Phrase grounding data

╭──

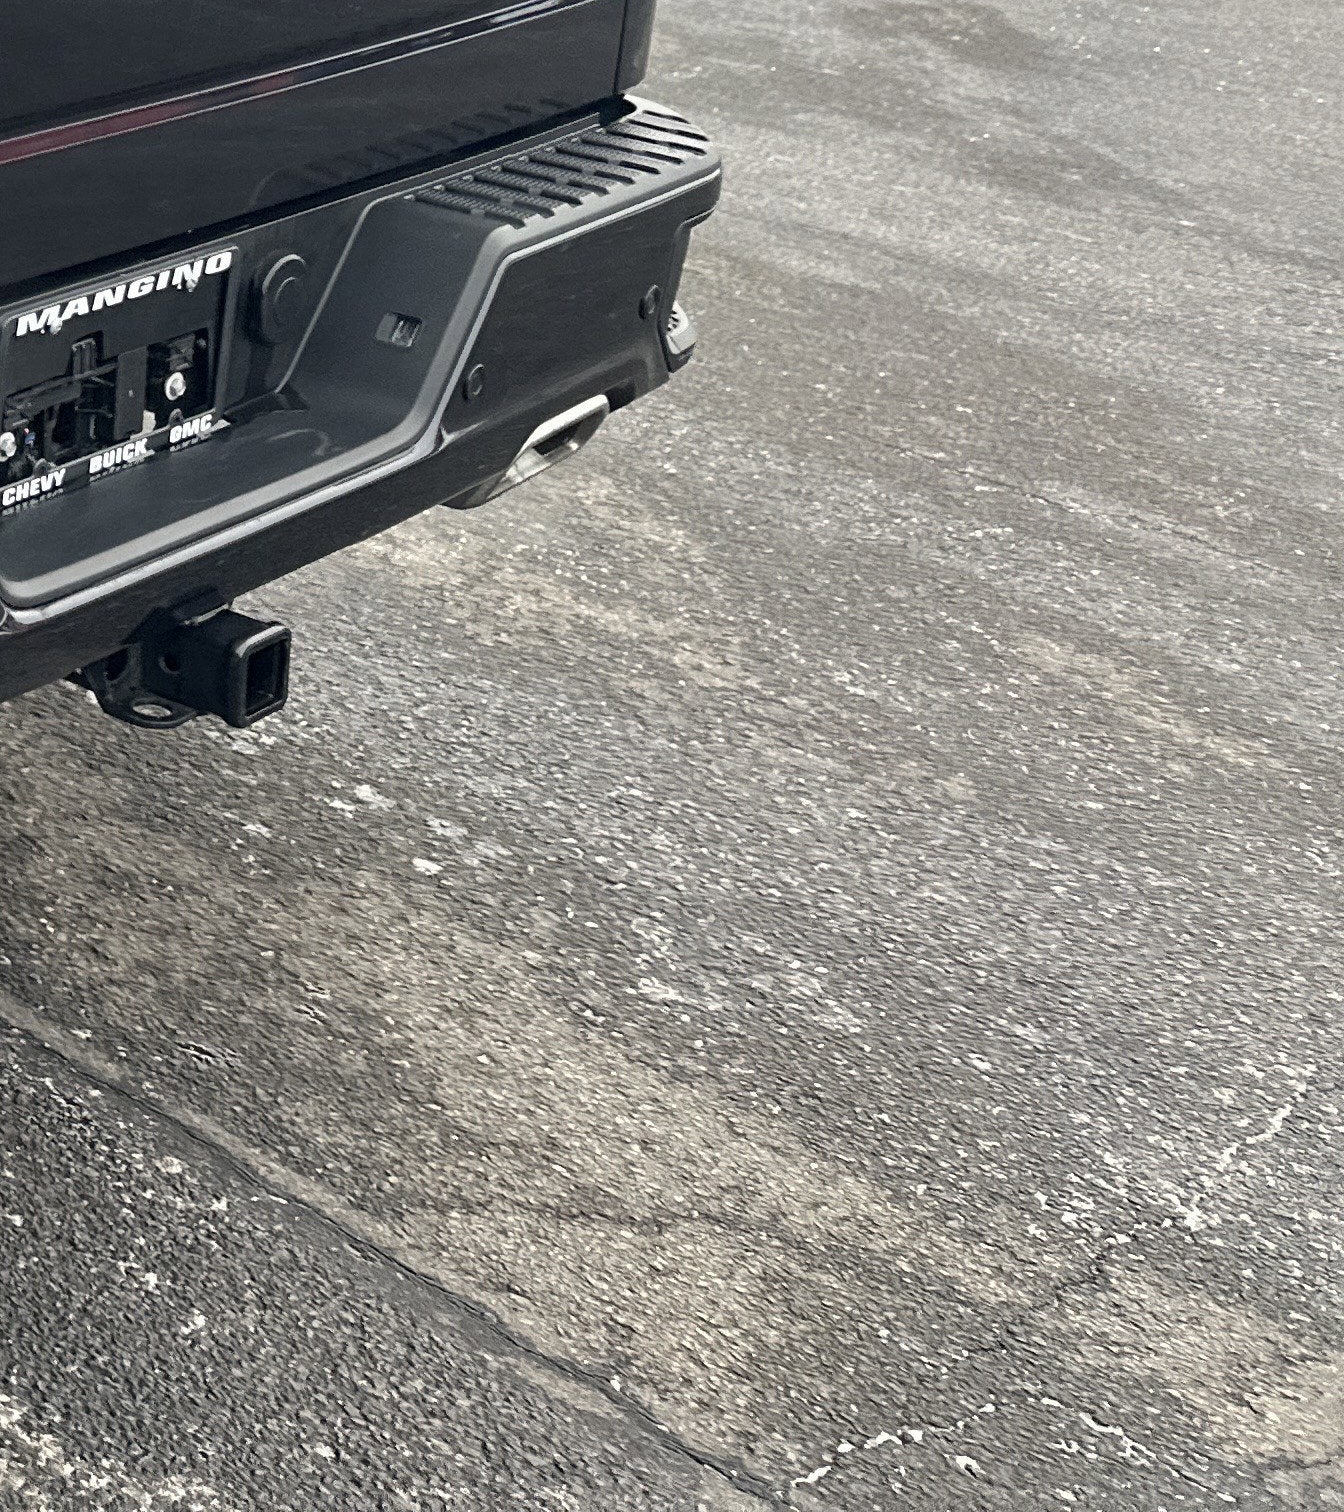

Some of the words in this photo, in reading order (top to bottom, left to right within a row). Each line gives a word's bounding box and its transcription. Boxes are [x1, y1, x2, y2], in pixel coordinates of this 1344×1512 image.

[16, 251, 232, 336] MANGINO
[2, 468, 66, 506] CHEVY
[89, 438, 148, 474] BUICK
[169, 414, 212, 444] GMC

╰──

Now transcribe all the entries above exactly, so that no picture is carried over.

» Answer to the problem
Some of the words in this photo, in reading order (top to bottom, left to right within a row). Each line gives a word's bounding box and its transcription. Boxes are [x1, y1, x2, y2], in pixel coordinates of this 1344×1512 image.

[16, 251, 232, 336] MANGINO
[2, 468, 66, 506] CHEVY
[89, 438, 148, 474] BUICK
[169, 414, 212, 444] GMC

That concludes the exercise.